“It is quite possible that India is the real world, and that the white man lives in a madhouse of abstractions. Life in India has not yet withdrawn into the capsule of head. It is still the whole body that lives. No wonder the European feels dreamlike; the complete life of India is something of which he merely dreams. When you walk with naked feet, how can you ever forget the earth?” Carl Jung
Before we begin, you must be warned that this post is not going to promote India by repeating the usual, exotic plethora of images that appear in tourist brochures—although I cannot deny their appeal: Rifts of cardamom hovering above hot coconut rice; soft pods of vermillion stroked onto attentive faces during puja; solemn steps of painted elephants as they climb through morning mists to Mughal forts in Rajasthan. No. This post pleads to you from the angle of time. Quite simply, India is changing and has been like no other country in the world.
Imagine going back to the world of Charles Dickens. To the scene of top hats and corsets, carving out something firm into the cobble stone streets of Victorian England: culture—that picture of gentry and prosperity, which hid all those Oliver Twists, begging for green splotched bread around factory door frames. This world is an illusion. Something caught in historical artefacts, literature and paintings which do not quite add up to what is ‘real’. The point of this reference is concisely that, India is on the cusp of an irreversible change; for just like during the industrial revolution in England, what is conveyed in brochures as culture in modern India, is not necessarily what is happening there now.

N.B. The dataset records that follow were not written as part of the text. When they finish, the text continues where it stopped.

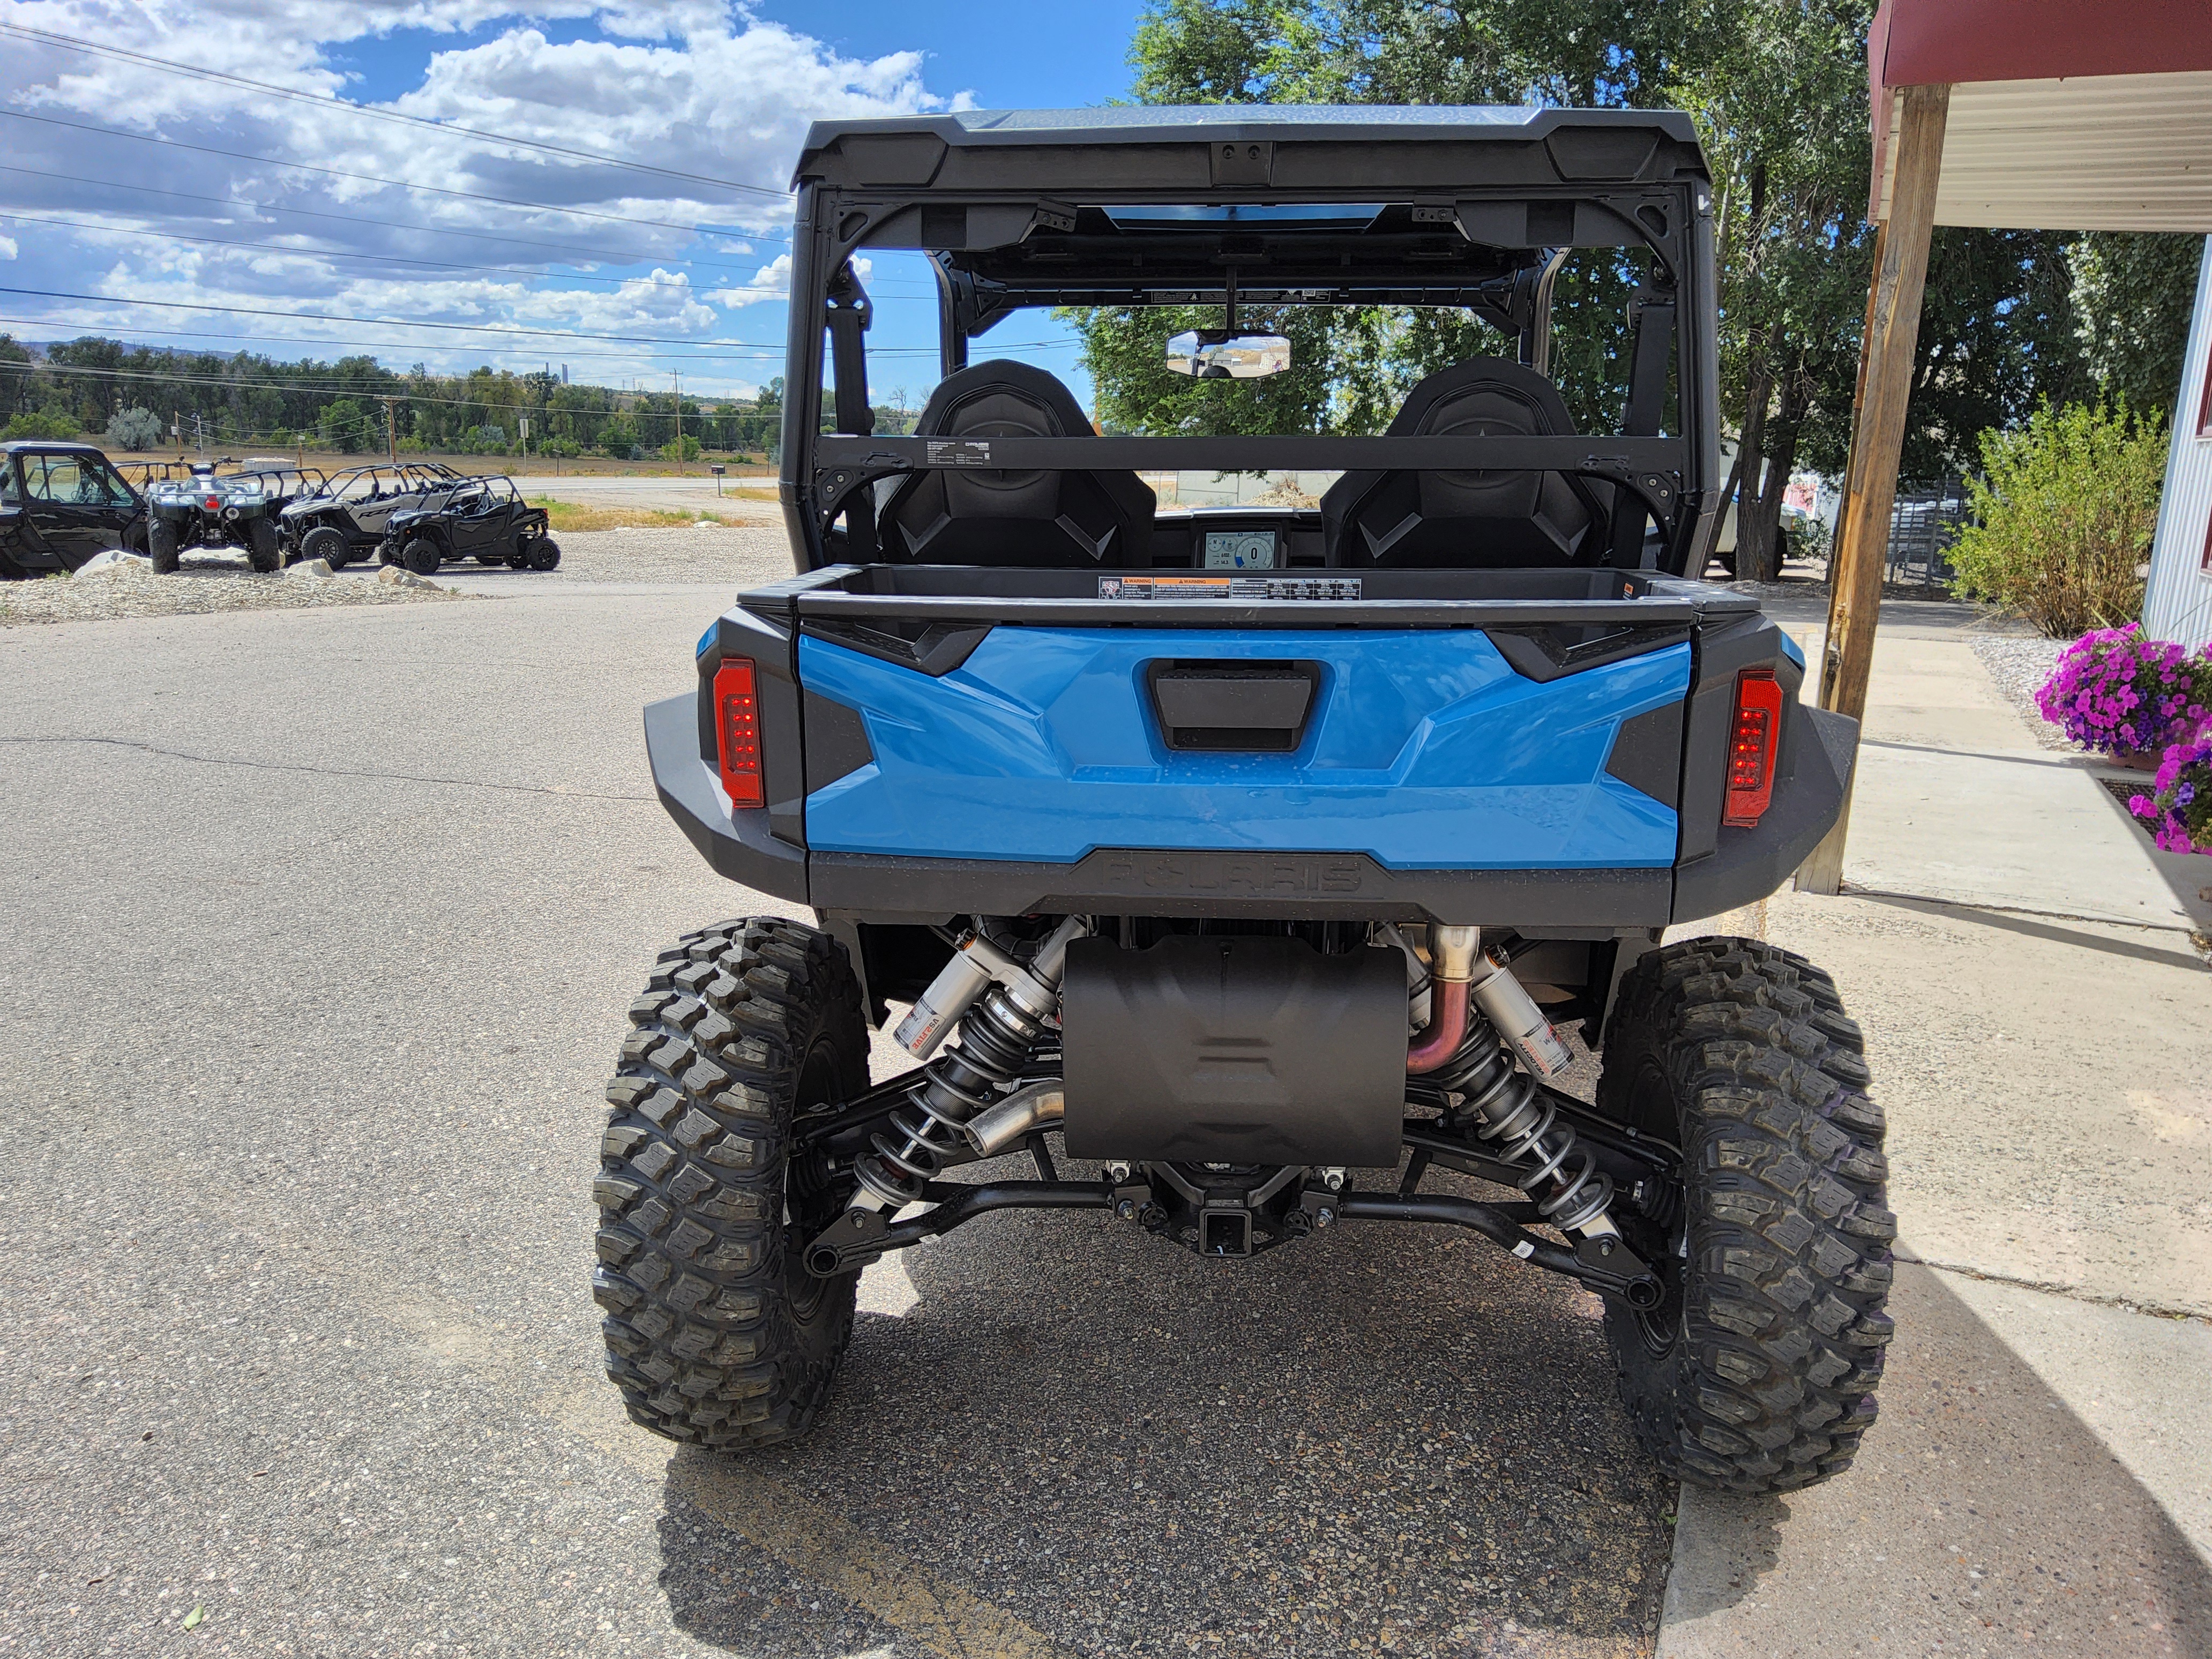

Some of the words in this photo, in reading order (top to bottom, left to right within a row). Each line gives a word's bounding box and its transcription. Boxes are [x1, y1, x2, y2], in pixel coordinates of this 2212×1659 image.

[357, 506, 401, 519] RZR
[1251, 547, 1258, 559] 0
[1102, 860, 1362, 892] POLARIS
[1518, 1043, 1545, 1076] VELOCITY
[1522, 1040, 1551, 1074] SERIES

Tourist brochures still look at India as the spice country, the slow-paced subcontinent, full of lakes and white palaces. But they do not account for the disappearance of such magnificent structures. Climate change has shrivelled up lakes in Udaipur; economic boom has seen an irrepressible number of building projects consume agricultural land and places of cultural meaning. In the north, palaces of Mughal emperors stand exposed to the sun and the damaging hands of tourists. India is a country which, like its iconic Mausoleum, the Taj Mahal, has had many of its gems taken away from it over the last few centuries. 20, 000 tourists visit this temple of love each day, and each pair of hands is not kept from curving over the white marble.

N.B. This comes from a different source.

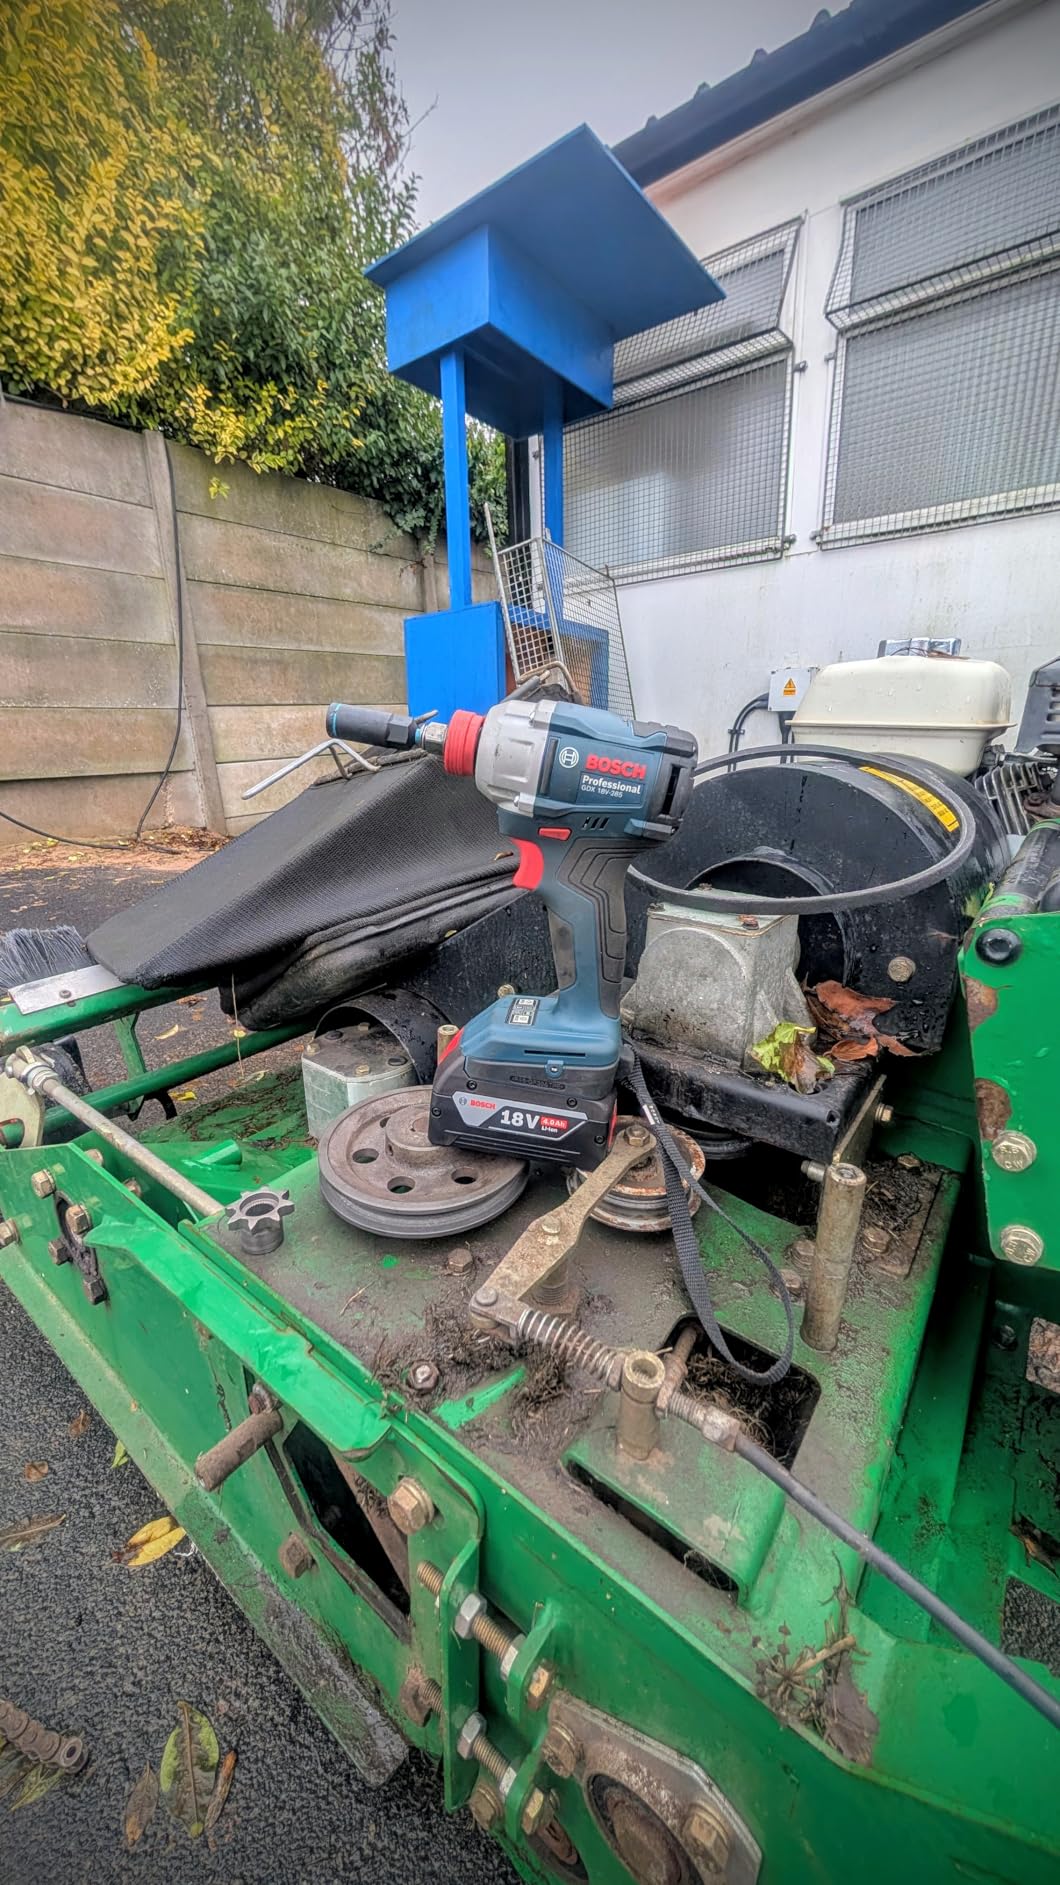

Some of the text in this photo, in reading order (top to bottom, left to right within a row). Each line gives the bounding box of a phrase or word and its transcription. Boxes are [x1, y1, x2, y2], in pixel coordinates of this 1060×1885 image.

But Indian culture now suffers from an even more perilous threat: capitalism. Economic expansion has blessed the few with exquisite apartments, huge cars and frequent trips to Bvlgari—but it has left no one accountable for the preservation of Indian cultural heritage— and the black smoke emantating from its 1.2 billion inhabitants just keeps rising. For similar to Britain’s own industrial revolution, life in India has been throw
n into a giant melting pot. Yet the size of India, and the scope of her diversity, means that there is no one to fish things out of the pot before they melt away completely. This it is feared, is already happening. Therefore, I would urge any keen travellers to visit India now. Before it turns into an air-conditioned, English signposted country, where McDonald’s outlets are placed more frequently than street vendors’ samosa stalls.
India is truly a spectacular country, but the gems are being scratched out of it. It promises more to those who discover her than any magazine photograph or print. So it is important to capture a glance of India before her markets, saris, temples, and dances are corrupted by the sameness of Western values which push their heads up all across the globe.